Jonathan Fridell, MD, Division Chief of Transplant Surgery, receives leadership award
Marco Gutierrez Jan 08, 2021
Each year, Indiana University Health presents Values Leadership Awards to compassionate and dedicated team members sustaining workplace excellence. This regional distinction is awarded to four team members and one professional team who display a commitment to community engagement, improving others' well-being, and the IU Health Way. The regional honorees are then automatically considered for the system’s top honor—a President’s Values Leadership Award (PVLA).
The 2020 Medical Staff winner for the PVLA was Indiana University School of Medicine Department of Surgery faculty member Jonathan Fridell, MD, Professor of Surgery, and Division Chief of Transplant Surgery.
Fridell joined IU School of Medicine in 2002, where he heads the division of abdominal transplant surgery. Fridell has been involved in the pancreas and liver transplant programs' growth and helped initiate the intestine/multivisceral transplant program at IU Health.
In her letter of support for his nomination, Kellie Hanner, President and CEO of Indiana Donor Network, said, “As a purpose-driven leader, Dr. Fridell’s efforts go far beyond medicine into the overall well-being of those he serves. He is known across our organization for the depth of his compassion for the families of organ donors, and he goes far beyond what is expected in support of them.”
Under Fridell's leadership, pancreas transplantation has grown into one of the top six ranked programs in the US by volume of pancreas transplants performed for over ten years.
In the statement provided by Fridell's nominator for the award, Mandi Query, RN, MSN, Director of Clinical Operations said, "Dr. Fridell embodies the IU Health Value of Compassion. Whether you are a member of the team, patient, or family member, he treats everyone with respect, kindness, and empathy."
The award symbolizes that the transplant division is on the right track to succeed in the coming years and is built on a foundation of growing leadership within its team.
"This is as much a reward for all of the transplant team as it is for me personally," said Fridell. "I think that this award is honoring a culture that's developed in transplant, particularly the nursing and physician relationship, which we spent a lot of effort working on."
When Fridell arrived at IU School of Medicine, he believed leadership an innate skill. It was through the mentorship and courses of Gary L. Dunnington, MD, Chair of Department of Surgery, particularly Leaders Growing Leaders, Fridell realized leadership is a skill that requires exercise.

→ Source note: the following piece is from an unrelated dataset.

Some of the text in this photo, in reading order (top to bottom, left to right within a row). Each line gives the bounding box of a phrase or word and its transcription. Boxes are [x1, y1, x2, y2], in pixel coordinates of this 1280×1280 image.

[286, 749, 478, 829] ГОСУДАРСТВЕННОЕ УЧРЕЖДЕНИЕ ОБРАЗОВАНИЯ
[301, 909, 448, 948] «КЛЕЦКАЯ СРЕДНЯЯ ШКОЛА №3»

"When I took on my first leadership role, Dr. Dunnington specifically took me under his wing as I'm sure he does most budding leaders," said Fridell. "He met with me regularly to make sure that if I had any questions on how to manage difficult situations, not that he would solve them for me, but he would give me orientation on how to deal with them by myself and set me on a path to a self-education that has been invaluable."
Because of this leadership education, Fridell now has an extensive library of leadership books and regularly reads about leadership.
"I think the most important thing that I read about very early on is how to have a difficult conversation, because I think that so many problems that we face day to day are caused when we don't deal with issues head-on," explained Fridell.
The COVID-19 pandemic brought its own challenges, caused a shift in day-to-day operation, and made Fridell change different facets of his leadership style to serve his team and colleagues better.
"When COVID happened, we had to come together as an entire group and make decisions with the rest of the IU health leadership on what we keep on doing, what we have to slow down, and how do we get these messages out to the entire transplant team," said Fridell. "Very early on, we started having a weekly town hall.”
This weekly town hall became routine, and Fridell realized that these events would likely outlive the COVID pandemic. Fridell explained his excitement to involve the entire transplant team in these vital conversations.